INFORMATION SUPPLIED:
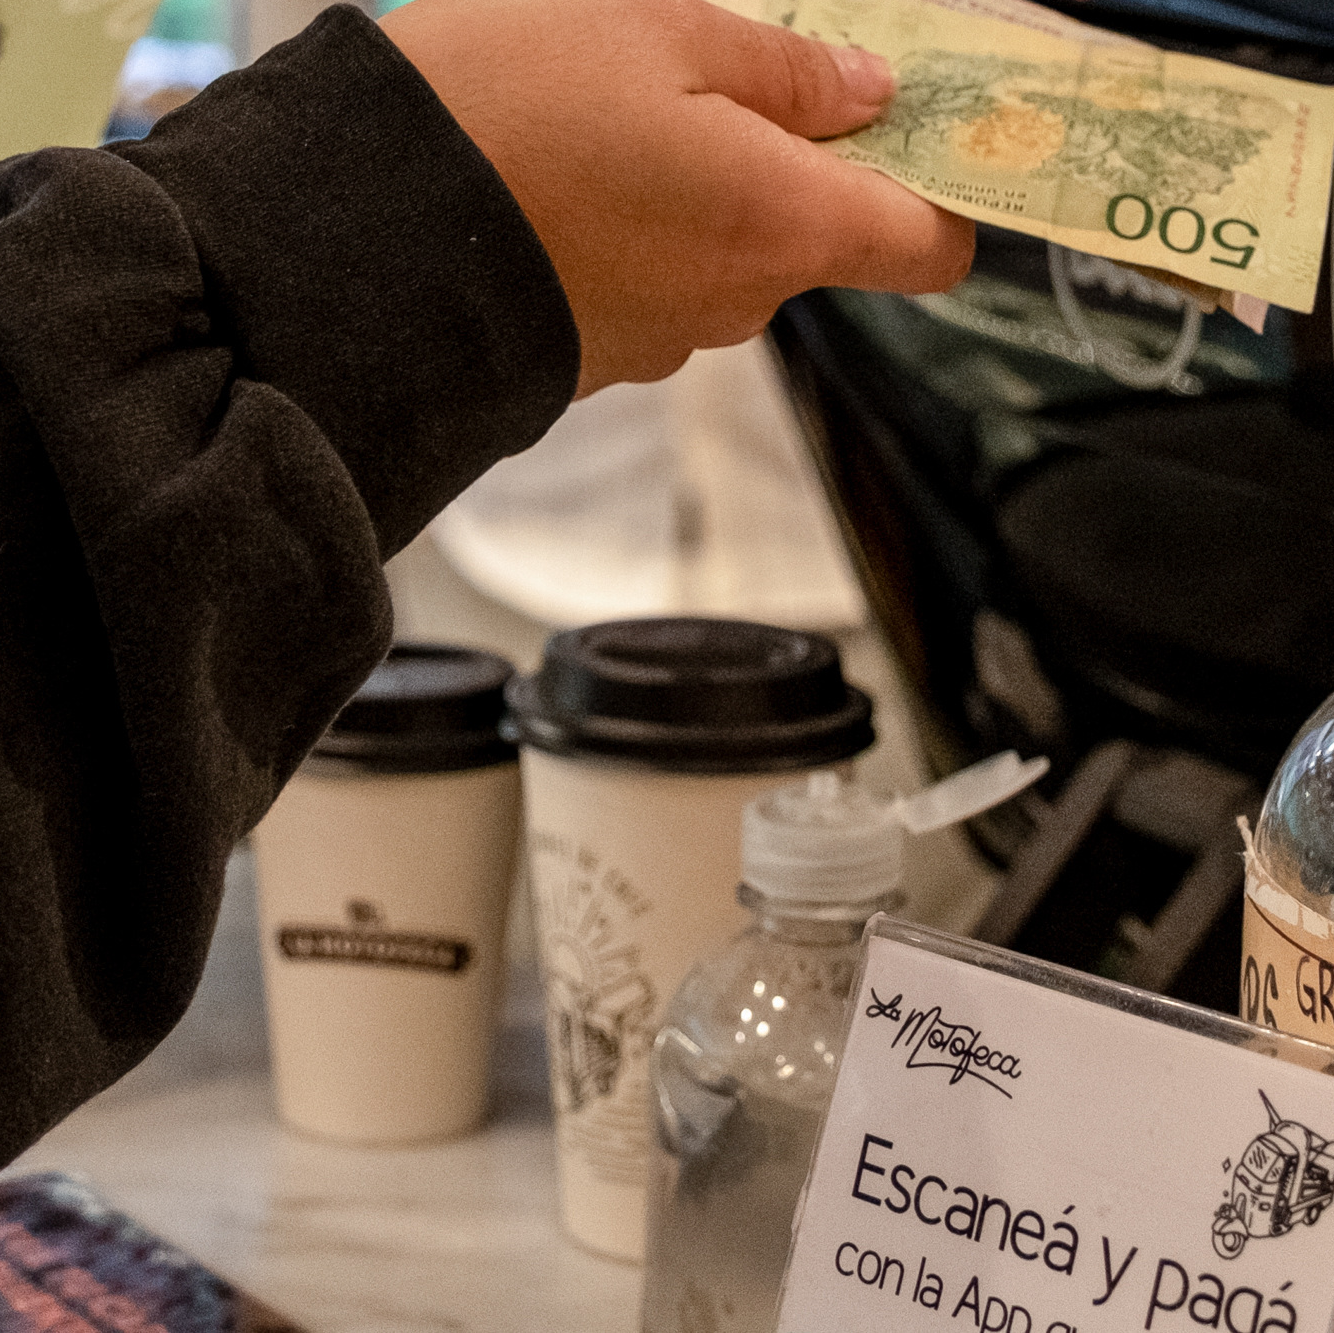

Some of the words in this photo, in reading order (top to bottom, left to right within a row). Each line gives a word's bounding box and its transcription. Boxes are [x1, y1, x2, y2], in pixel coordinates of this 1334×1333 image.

[1105, 193, 1260, 270] 500
[865, 987, 903, 1022] La
[850, 1133, 1080, 1276] Escaneá
[1093, 1235, 1139, 1307] y
[835, 1241, 905, 1296] con
[912, 1256, 945, 1311] la
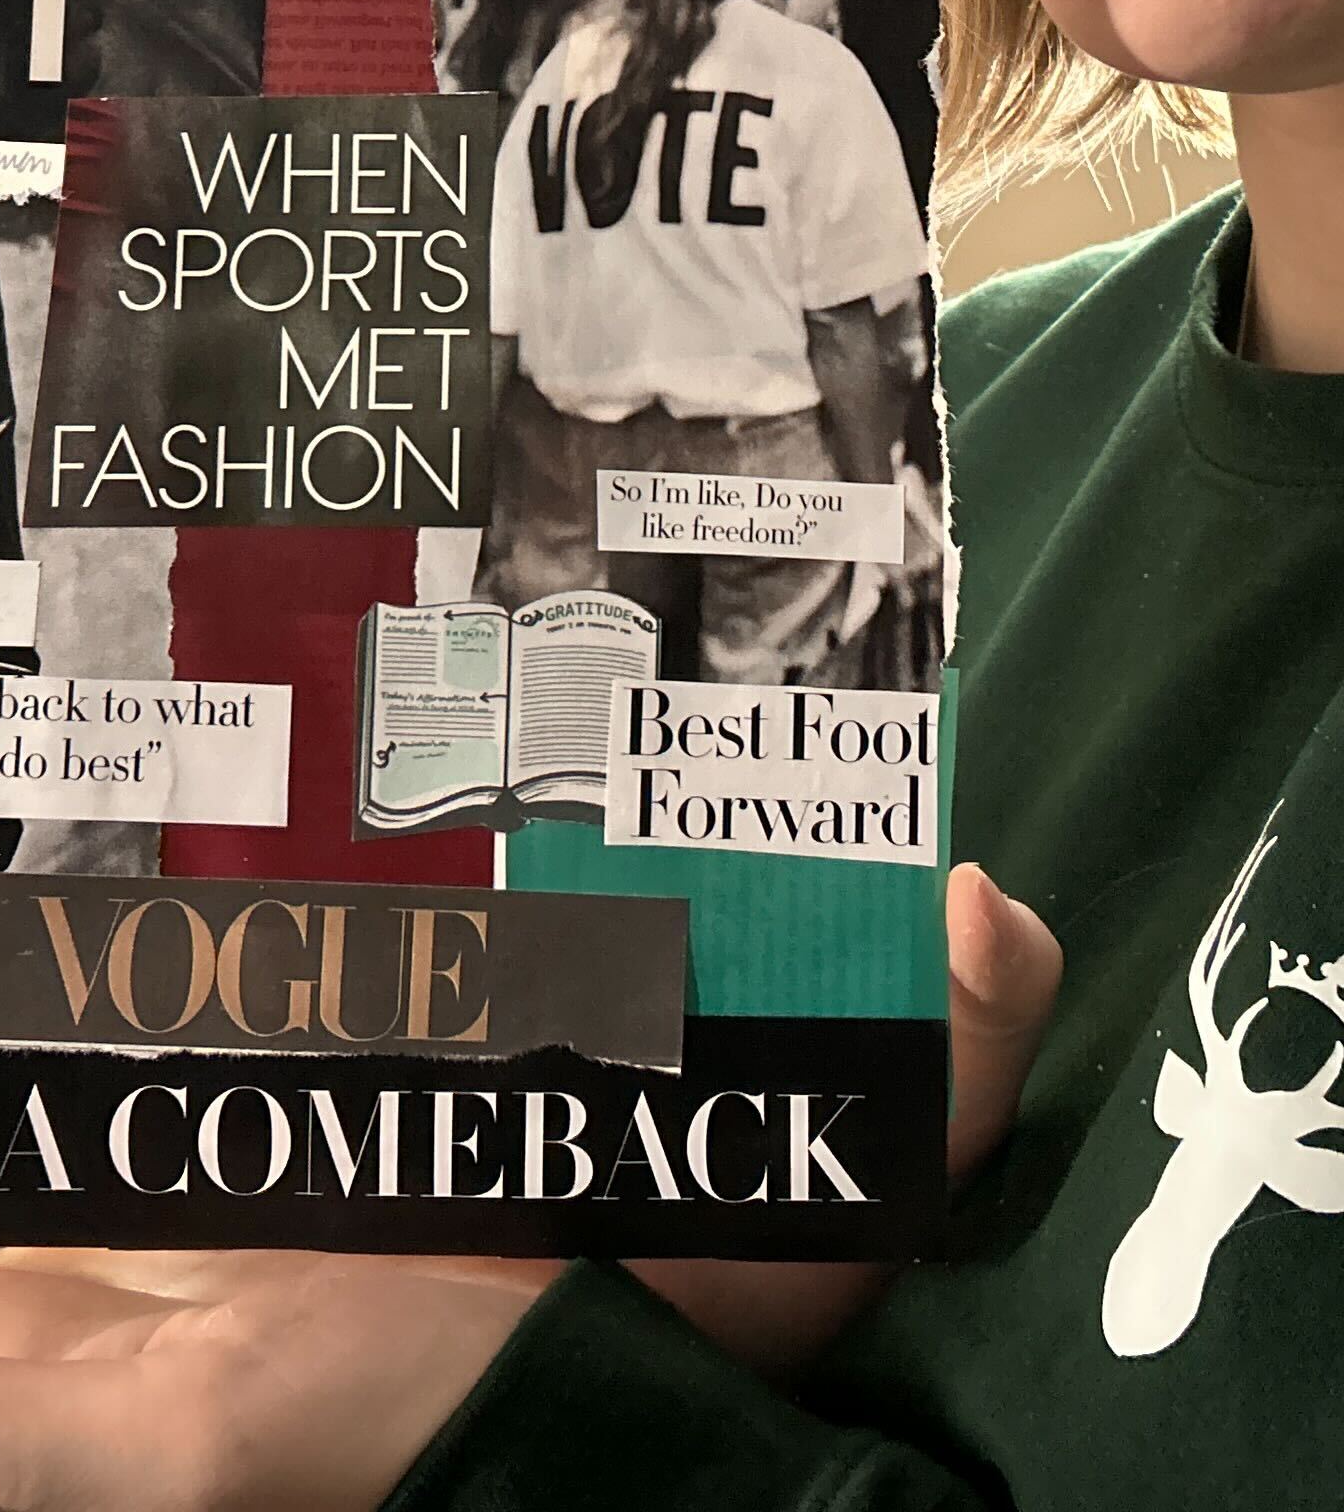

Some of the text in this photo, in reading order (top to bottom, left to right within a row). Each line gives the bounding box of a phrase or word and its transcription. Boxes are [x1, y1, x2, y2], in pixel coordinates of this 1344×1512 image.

[181, 131, 467, 216] WHEN
[528, 90, 775, 233] VOTE
[118, 226, 469, 313] SPORTS
[279, 325, 470, 411] MET
[50, 423, 461, 511] FASHION
[610, 475, 642, 503] So
[697, 479, 745, 509] like,
[754, 482, 792, 510] Do
[799, 492, 843, 520] you
[642, 512, 684, 540] like
[544, 601, 634, 622] GRATITUDE
[104, 688, 143, 724] to
[152, 683, 256, 728] what
[621, 686, 938, 766] Best Foot
[0, 735, 49, 780] do
[630, 767, 924, 848] Forward
[29, 895, 490, 1043] VOGUE
[109, 1084, 883, 1205] COMEBACK

TASK REQUIREMENTS: Excluding every picture, write out each record word for word.

ANSWER TO THE EXERCISE:
Some of the words in this photo, in reading order (top to bottom, left to right within a row). Each line gives a word's bounding box and its transcription. Boxes are [x1, y1, x2, y2], in pixel coordinates of this 1334×1333 image.

[1105, 193, 1260, 270] 500
[865, 987, 903, 1022] La
[850, 1133, 1080, 1276] Escaneá
[1093, 1235, 1139, 1307] y
[835, 1241, 905, 1296] con
[912, 1256, 945, 1311] la

Some of the text in this photo, in reading order (top to bottom, left to right within a row). Each line gives the bounding box of a phrase or word and its transcription. Boxes are [x1, y1, x2, y2], in pixel coordinates of this 1344×1512 image.

[181, 131, 467, 216] WHEN
[528, 90, 775, 233] VOTE
[118, 226, 469, 313] SPORTS
[279, 325, 470, 411] MET
[50, 423, 461, 511] FASHION
[610, 475, 642, 503] So
[697, 479, 745, 509] like,
[754, 482, 792, 510] Do
[799, 492, 843, 520] you
[642, 512, 684, 540] like
[544, 601, 634, 622] GRATITUDE
[104, 688, 143, 724] to
[152, 683, 256, 728] what
[621, 686, 938, 766] Best Foot
[0, 735, 49, 780] do
[630, 767, 924, 848] Forward
[29, 895, 490, 1043] VOGUE
[109, 1084, 883, 1205] COMEBACK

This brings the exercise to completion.